___ Input material ___

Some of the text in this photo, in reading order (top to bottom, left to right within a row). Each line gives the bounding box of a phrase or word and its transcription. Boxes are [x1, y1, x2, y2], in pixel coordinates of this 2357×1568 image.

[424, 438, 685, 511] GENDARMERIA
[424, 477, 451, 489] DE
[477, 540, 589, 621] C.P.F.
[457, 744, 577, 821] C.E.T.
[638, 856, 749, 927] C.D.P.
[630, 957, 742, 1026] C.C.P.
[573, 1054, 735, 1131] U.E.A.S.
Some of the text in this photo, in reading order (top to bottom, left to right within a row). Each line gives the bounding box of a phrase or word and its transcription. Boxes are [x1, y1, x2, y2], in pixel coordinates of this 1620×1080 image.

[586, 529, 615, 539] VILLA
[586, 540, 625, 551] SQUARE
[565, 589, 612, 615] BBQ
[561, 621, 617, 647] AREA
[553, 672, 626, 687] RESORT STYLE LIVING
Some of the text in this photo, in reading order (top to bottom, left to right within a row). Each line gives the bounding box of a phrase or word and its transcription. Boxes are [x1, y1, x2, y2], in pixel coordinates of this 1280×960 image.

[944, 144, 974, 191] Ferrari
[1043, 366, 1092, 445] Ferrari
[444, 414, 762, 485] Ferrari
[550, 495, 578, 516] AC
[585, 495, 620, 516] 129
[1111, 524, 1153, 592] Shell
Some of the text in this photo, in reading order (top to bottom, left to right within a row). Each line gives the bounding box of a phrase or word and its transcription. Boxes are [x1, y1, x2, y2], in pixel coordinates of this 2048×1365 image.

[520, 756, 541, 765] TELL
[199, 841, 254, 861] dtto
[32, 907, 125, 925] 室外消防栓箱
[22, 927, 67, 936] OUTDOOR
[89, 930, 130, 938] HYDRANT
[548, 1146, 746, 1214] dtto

___

The data above must be restated word for word.

> **Response**:
Some of the text in this photo, in reading order (top to bottom, left to right within a row). Each line gives the bounding box of a phrase or word and its transcription. Boxes are [x1, y1, x2, y2], in pixel coordinates of this 2357×1568 image.

[424, 438, 685, 511] GENDARMERIA
[424, 477, 451, 489] DE
[477, 540, 589, 621] C.P.F.
[457, 744, 577, 821] C.E.T.
[638, 856, 749, 927] C.D.P.
[630, 957, 742, 1026] C.C.P.
[573, 1054, 735, 1131] U.E.A.S.
Some of the text in this photo, in reading order (top to bottom, left to right within a row). Each line gives the bounding box of a phrase or word and its transcription. Boxes are [x1, y1, x2, y2], in pixel coordinates of this 1620×1080 image.

[586, 529, 615, 539] VILLA
[586, 540, 625, 551] SQUARE
[565, 589, 612, 615] BBQ
[561, 621, 617, 647] AREA
[553, 672, 626, 687] RESORT STYLE LIVING
Some of the text in this photo, in reading order (top to bottom, left to right within a row). Each line gives the bounding box of a phrase or word and its transcription. Boxes are [x1, y1, x2, y2], in pixel coordinates of this 1280×960 image.

[944, 144, 974, 191] Ferrari
[1043, 366, 1092, 445] Ferrari
[444, 414, 762, 485] Ferrari
[550, 495, 578, 516] AC
[585, 495, 620, 516] 129
[1111, 524, 1153, 592] Shell
Some of the text in this photo, in reading order (top to bottom, left to right within a row). Each line gives the bounding box of a phrase or word and its transcription. Boxes are [x1, y1, x2, y2], in pixel coordinates of this 2048×1365 image.

[520, 756, 541, 765] TELL
[199, 841, 254, 861] dtto
[32, 907, 125, 925] 室外消防栓箱
[22, 927, 67, 936] OUTDOOR
[89, 930, 130, 938] HYDRANT
[548, 1146, 746, 1214] dtto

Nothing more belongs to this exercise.